We concentrate so much on the artwork, the sound, the music, the motion capture, the video, that it’s easy to lose sight of this question. Interactivity is the raison d’être, the reason for being. We have to know what the player is going to do. What actions, what activities, will fulfil the dream?

In addition to actions, the player also has goals. It may be that the game is really a software toy, and is meant to be played with without goals. But in traditional gaming, the player is trying to achieve something, a “victory condition.” For goal-oriented games, defining the victory condition is closely related to defining the actions taken to achieve it.

In any game more complex than a puzzle, the player is playing a role. It may be a medieval adventurer, a military commander, a business tycoon, an athlete, or it may be something abstract and almost indescribable. (In the coin-op game Tempest, the player was a sort of two-legged spider with a machine gun.) Defining that role -- its goals, its limitations, and above all its actions -- is the second step in game design.

 A game takes place in a world.

Any computer game takes place in some kind of a world, by which I mean a physical space, but also an intellectual space, an emotional space, an economic space, and an ethical space.

 The physical space describes all the sights and sounds, the things that the player can see and hear and touch and speak to in the world. Pictures and sounds and language are used to portray the  world, and to create not only its physical appearance but also its tone and mood. The definition of the physical space helps to establish the intellectual, emotional, economic, and ethical spaces.

The intellectual space describes the thought processes that the player will take, the things that she will be required to think about. These can be extremely complex or extremely simple; they can be extremely abstract or extremely concrete.

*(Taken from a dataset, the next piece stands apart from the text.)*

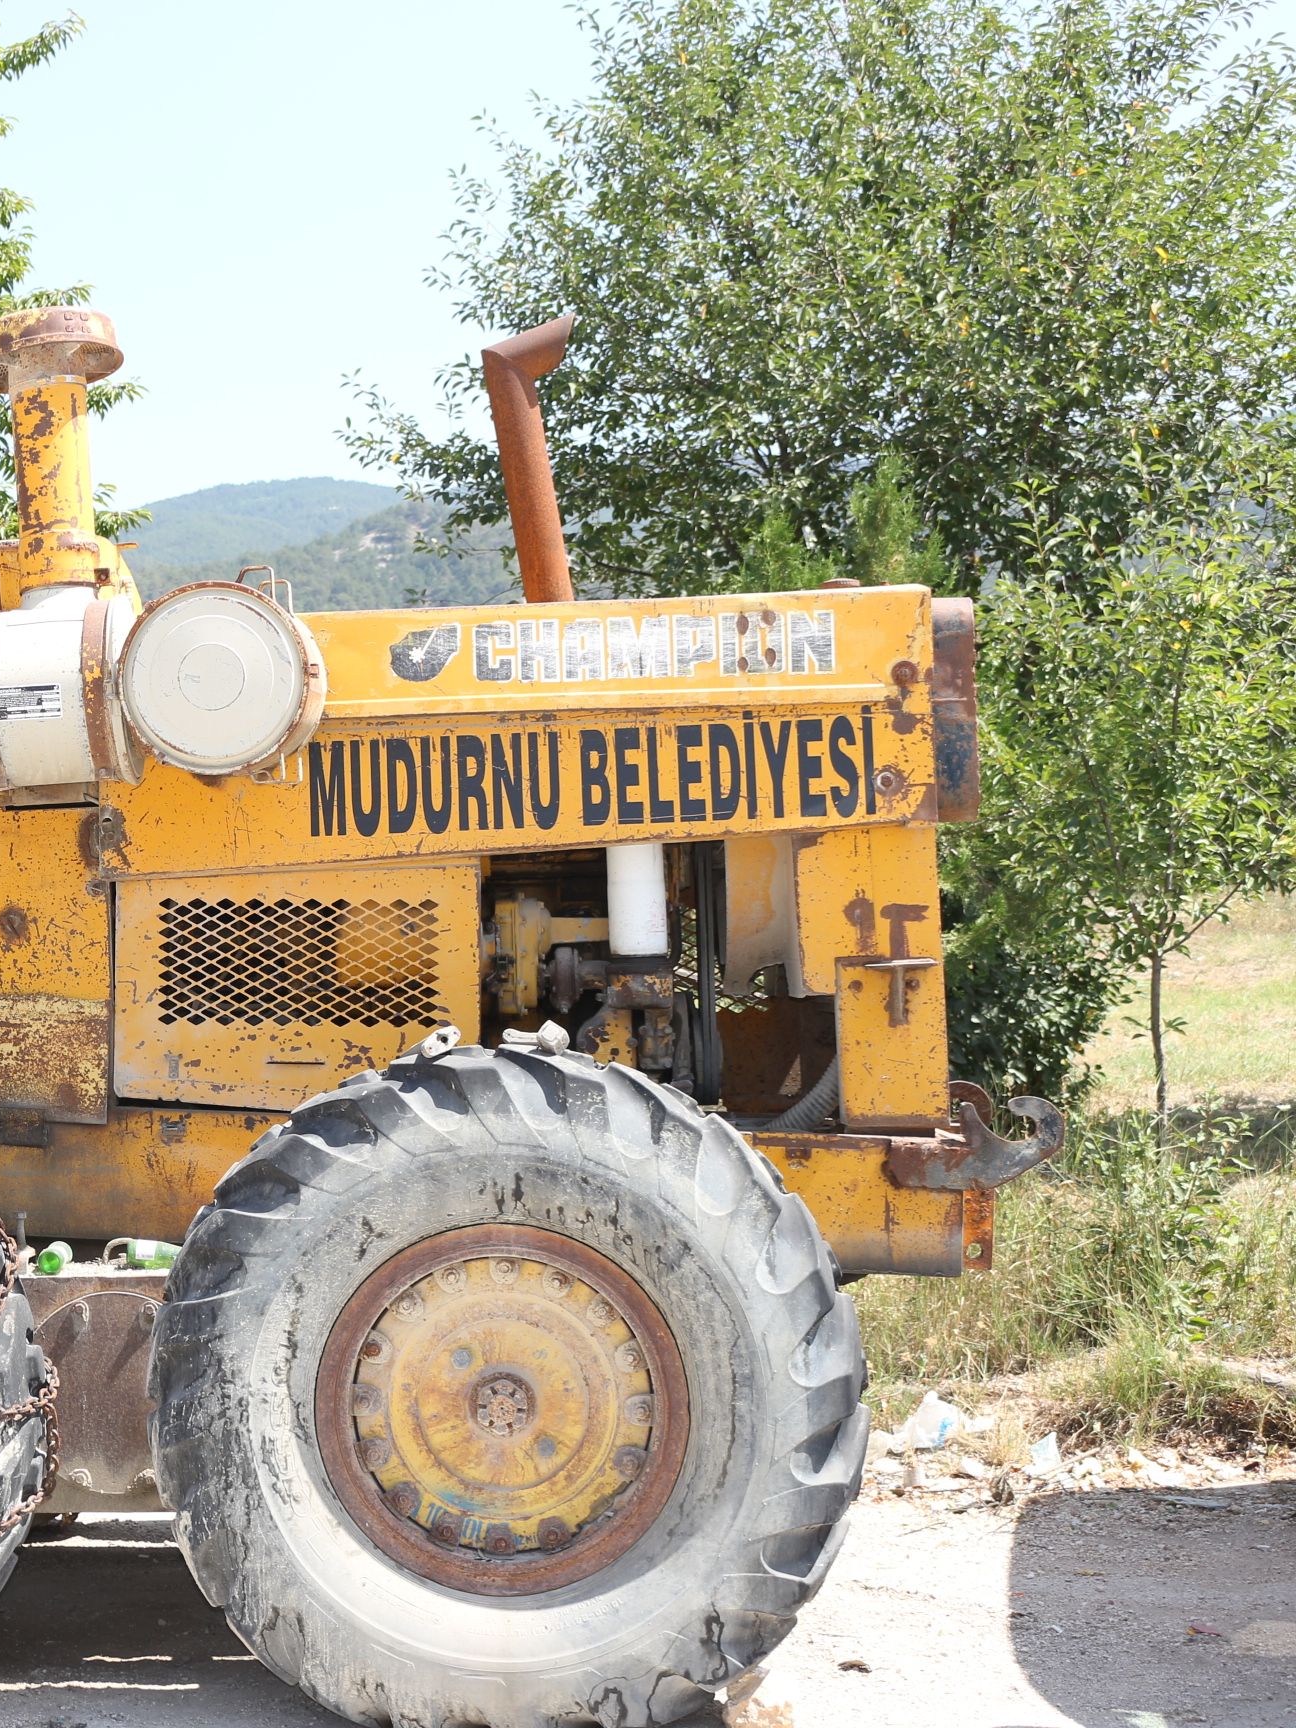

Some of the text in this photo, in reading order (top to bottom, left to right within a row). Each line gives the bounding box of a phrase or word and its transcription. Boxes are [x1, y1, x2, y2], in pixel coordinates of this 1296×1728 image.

[473, 610, 834, 682] CHAMPION
[309, 705, 877, 837] MUDURNU BELEDİYESİ
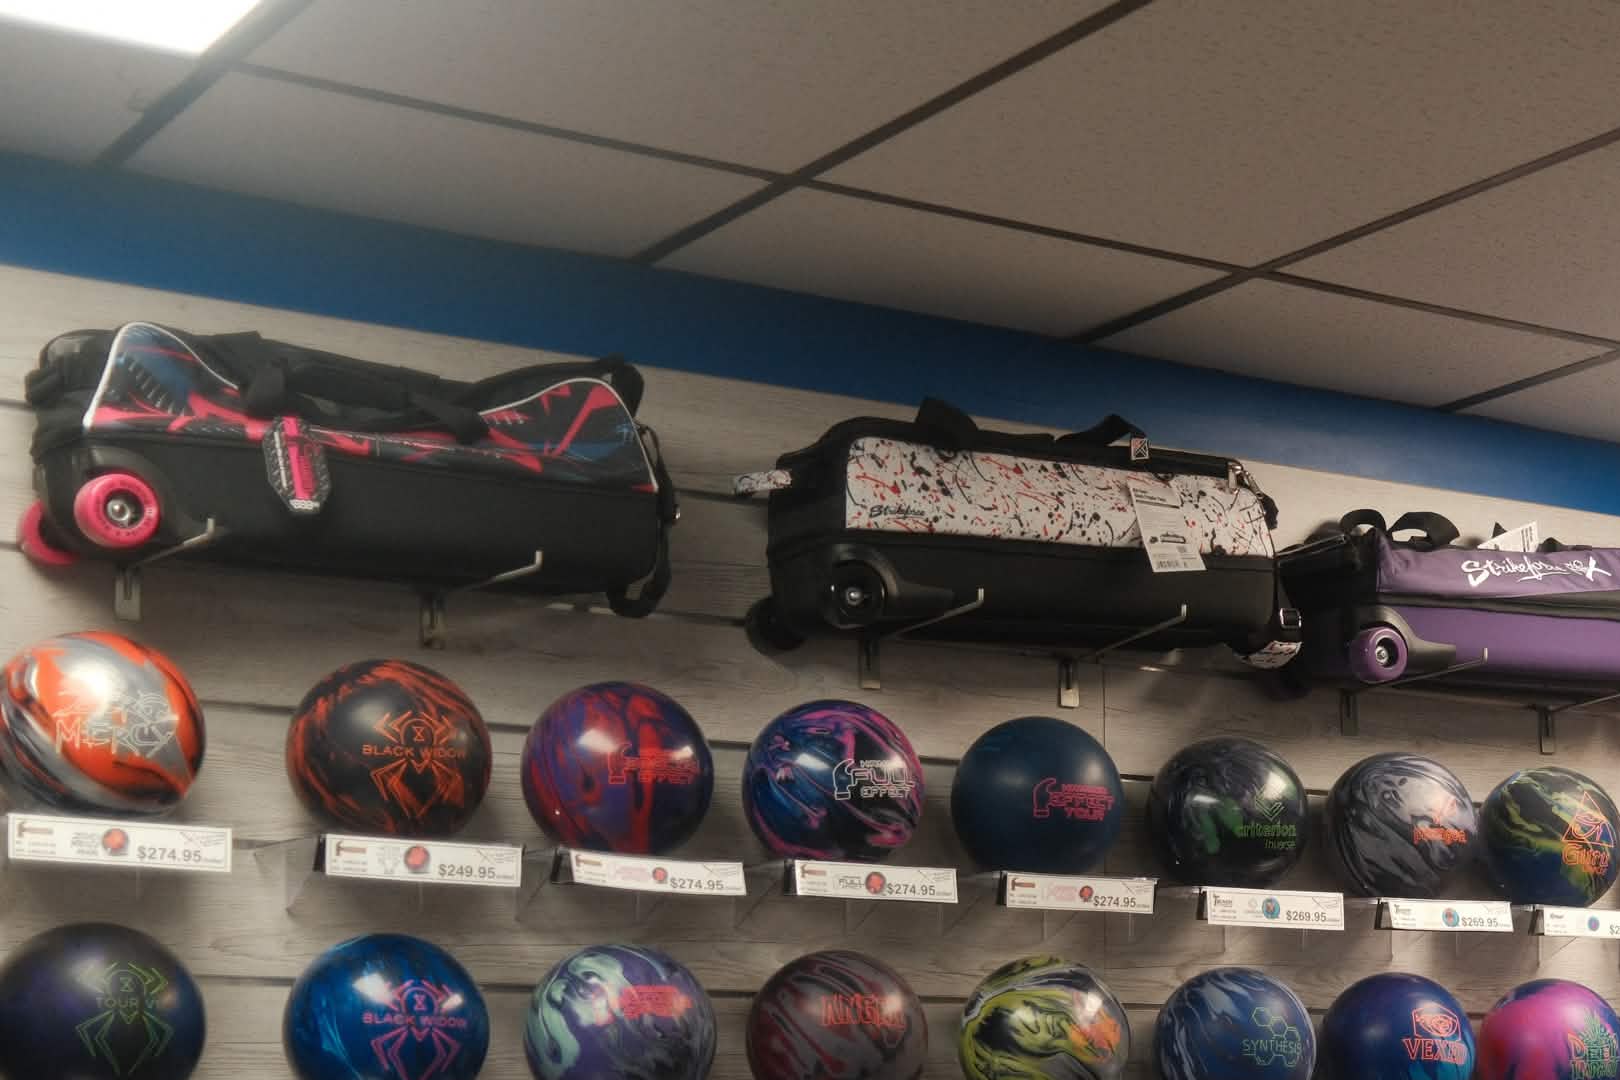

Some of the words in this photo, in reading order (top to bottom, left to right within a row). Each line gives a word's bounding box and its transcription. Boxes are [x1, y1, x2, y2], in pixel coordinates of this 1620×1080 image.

But all games have an intellectual space, a set of rules and ways of reasoning about the game.

The emotional space describes the kinds of emotions the player should experience and the kinds of emotions the characters in the game will display. Fear, triumph, sadness, amusement, and suspense are common elements of the emotional spaces of games. All too often, so is frustration, although rarely by design!

The economic space describes the flow of resources into, around, and out of the game. This need not be money; it can be ammunition, armor strength, “health points,” magical power, or any other valued resource which changes in response to the player’s actions. The economic space includes a mathematical model which describe how these variables change, and designing that model carefully is vital to creating the game’s balance. The victory conditions are usually defined in with reference to elements in the economic space.

The ethical space describes the system of ethics in place in the game. If a game involves concepts that people have moral feelings about (theft, destruction, killing, conquest, democracy, protection of the innocent, and so on), then it must reward, punish or ignore the player’s choices when confronted with a moral decision. Sometimes simply ignoring an action sends a powerful moral message in itself.

This is just the beginning.

There’s a vast amount more to computer game design. A game’s design is informed by its intended audience, by the features of machine it is being made for, by the budget and schedule for its production, by the strengths and skills of the people who are building it. All these things affect the way a game is designed, but the questions above are the ones I think about first. If there is ambiguity or uncertainty about their answers, the game is in trouble. The answers may be revised in the course of production, but they should always be clearly known by all the people building the game. Only through a collective understanding of the dream can they work together to fulfil it.